Apart from any images, the entries are to be output exactly.
+++ DATA PROVIDED
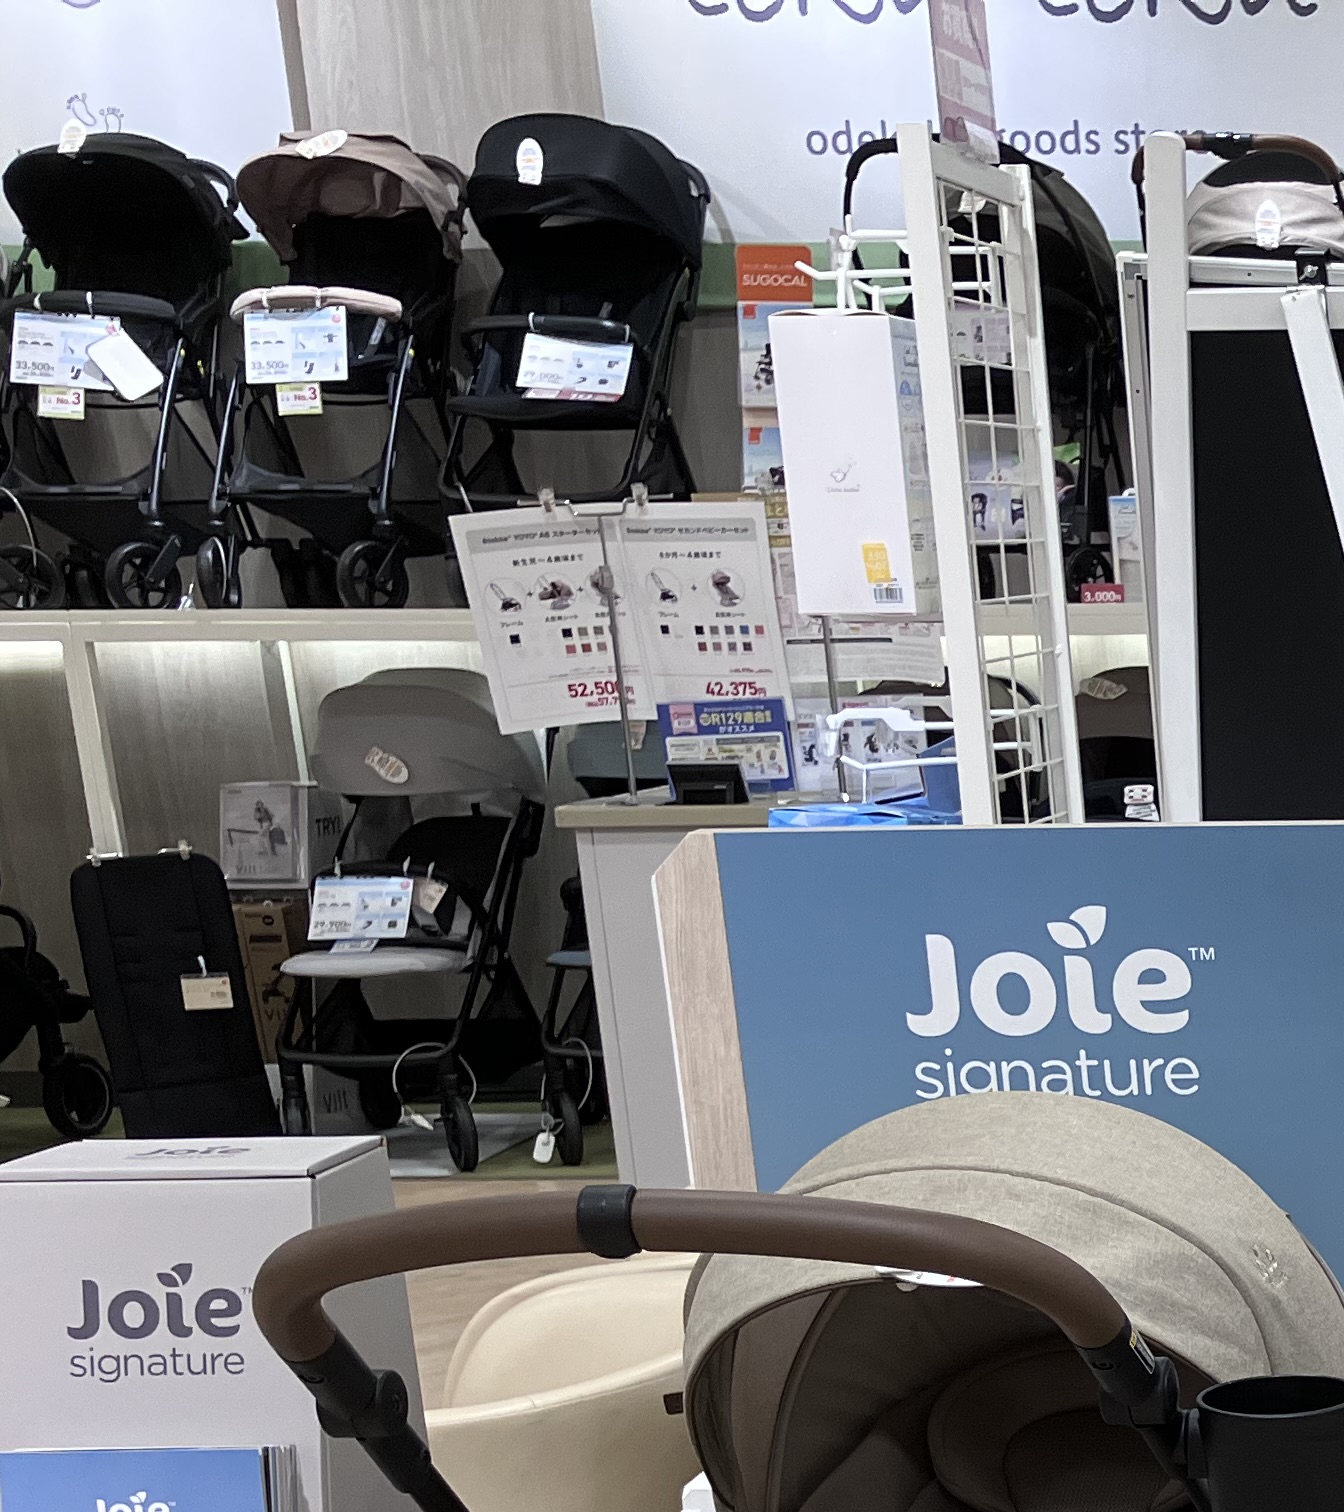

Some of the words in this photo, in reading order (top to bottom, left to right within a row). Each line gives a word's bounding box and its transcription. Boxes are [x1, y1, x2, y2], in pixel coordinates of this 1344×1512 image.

[742, 274, 807, 288] SUGOCAL
[906, 905, 1192, 1037] Joie
[915, 1049, 1200, 1099] signature
[66, 1262, 244, 1341] Joie
[69, 1347, 245, 1383] signature
++++++
→ **RESPONSE TO THE EXERCISE**:
Some of the words in this photo, in reading order (top to bottom, left to right within a row). Each line gives a word's bounding box and its transcription. Boxes are [x1, y1, x2, y2], in pixel coordinates of this 1344×1512 image.

[742, 274, 807, 288] SUGOCAL
[906, 905, 1192, 1037] Joie
[915, 1049, 1200, 1099] signature
[66, 1262, 244, 1341] Joie
[69, 1347, 245, 1383] signature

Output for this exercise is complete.